Management of genome-scale data
Introduction (revised October 2017)
It is very common for life scientists to use spreadsheets to record and manage experimental data. In these problems we will build up a discipline of data management for genome-scale experiments using R and Bioconductor.
It may seem unusual to recommend R-based software for managing data. Ordinarily R is used for programming and computing statistical analyses. However, Bioconductor has taken very seriously the need to carefully annotate, in a unified way, many aspects of complex biological experiments. This approach allows us to import assay outputs (such as multiple microarray scans, or multiple sequencing alignments), combining them with relevant metadata about the experiment and the samples assayed, saving all the information in a single R variable. By carefully designing the structure of this variable, programs can operate reliably on various aspects of the data. Ultimately a more efficient management and analysis environment is obtained.

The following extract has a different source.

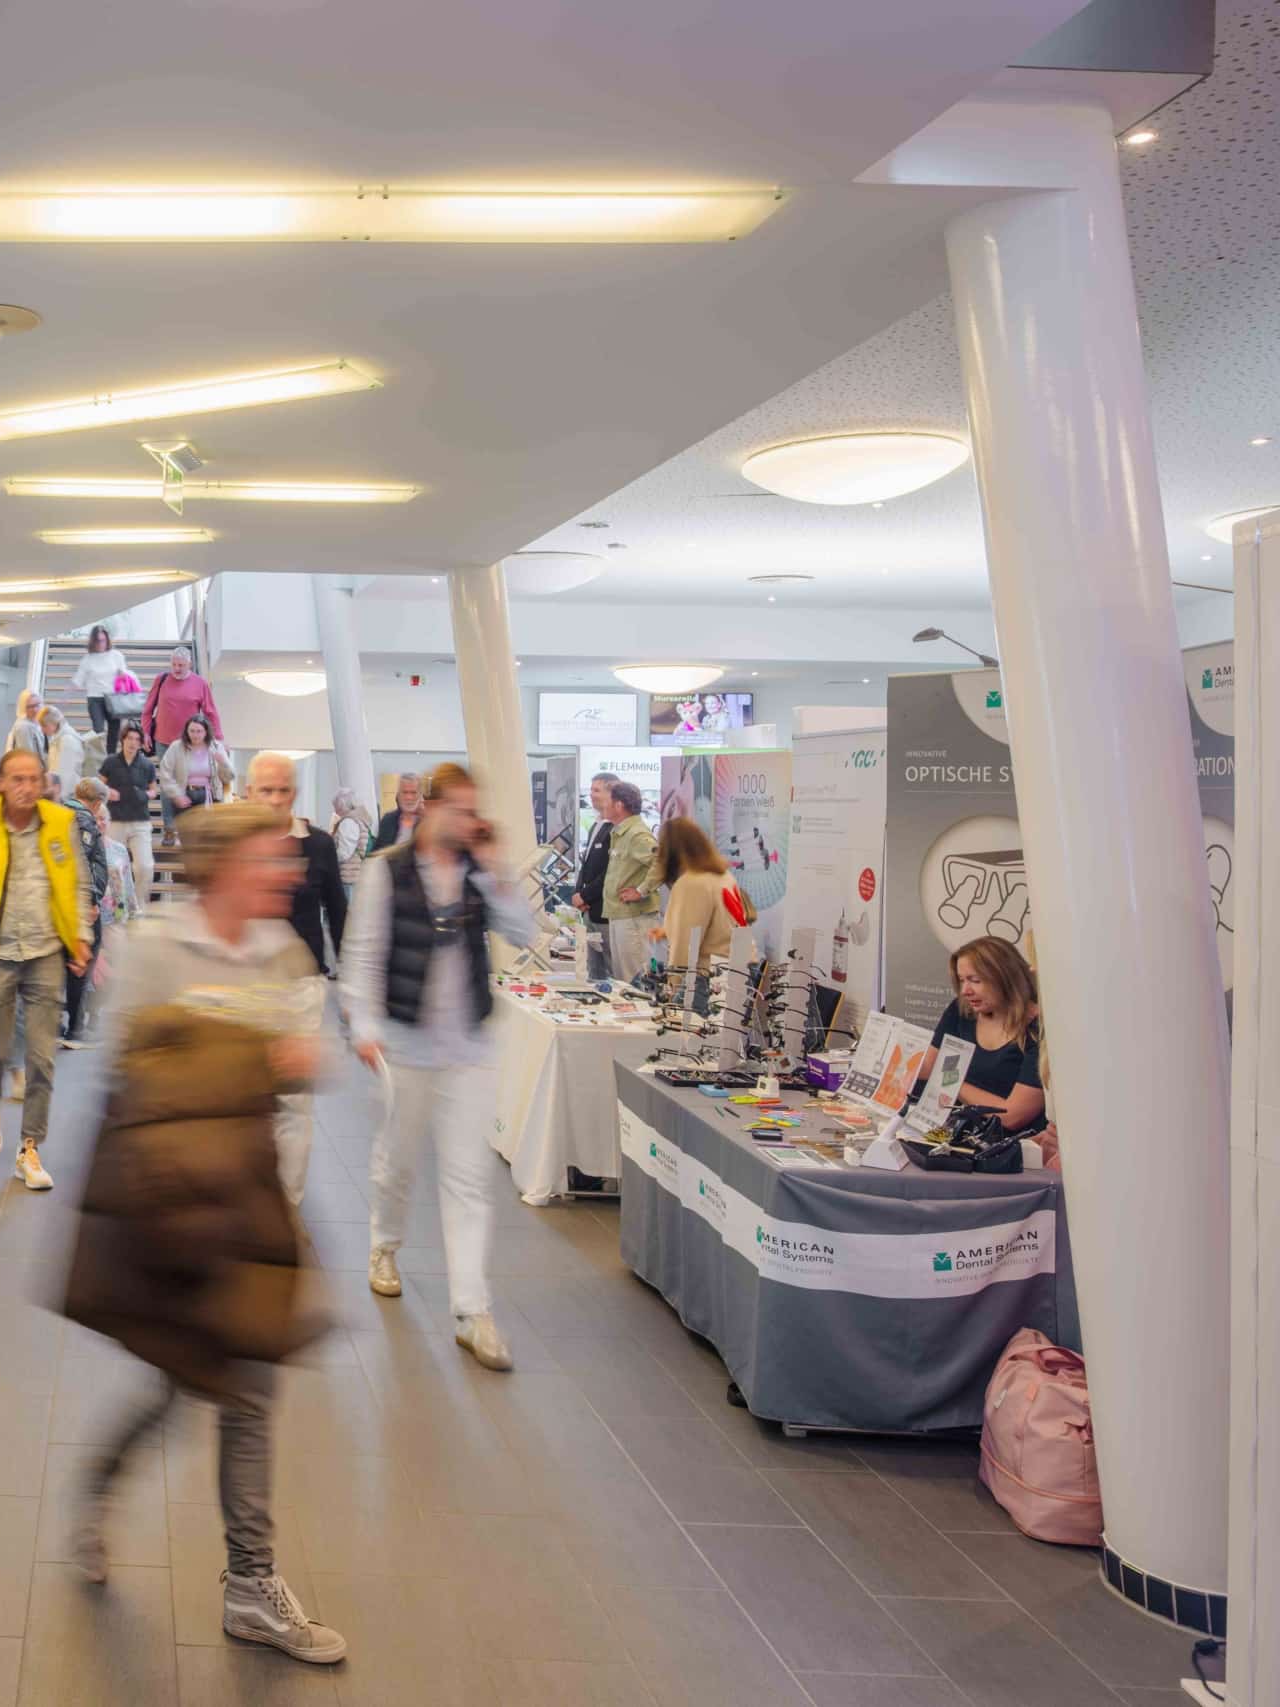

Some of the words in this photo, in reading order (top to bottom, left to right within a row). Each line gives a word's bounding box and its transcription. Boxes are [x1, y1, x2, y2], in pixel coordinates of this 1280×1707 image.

We will come to understand this enhancement of efficiency by working from some very basic representations of experimental data, proceeding stepwise to more advanced integrative representations that are the hallmark of Bioconductor’s approach to genome-scale data.
Illustrative exercises (worked through in video)
1.0 Distinct components from an experiment.
library(GSE5859Subset)
library(Biobase)
.oldls = ls()
data(GSE5859Subset)
.newls = ls()
The objects obtained from the data() command are
newstuff = setdiff(.newls, .oldls)
newstuff
## [1] "geneAnnotation" "geneExpression" "sampleInfo"
and they have classes
cls = lapply(newstuff, function(x) class(get(x)))
names(cls) = newstuff
cls
## $$geneAnnotation
## [1] "data.frame"
## 
## $$geneExpression
## [1] "matrix"
## 
## $$sampleInfo
## [1] "data.frame"
It is easy to make an informative plot of hybridization date by ethnicity of sample source using standard R:
boxplot(date~factor(ethnicity), data=sampleInfo, ylab="chip date")

What if we want to look at expression of the gene BRCA2 by ethnicity? We have to do several things:
- We need to determine which row of geneExpressioncorresponds to BRCA2, and to do this we need to know which column ofgeneAnnotationprovides the information;
- We need to ensure that the
gene expression data in the matrix geneExpressionare ordered consistently with the ordering of data insampleInfo, and to do this we need to know which column ofsampleInfoidentifies the samples using the same tags asgeneExpression.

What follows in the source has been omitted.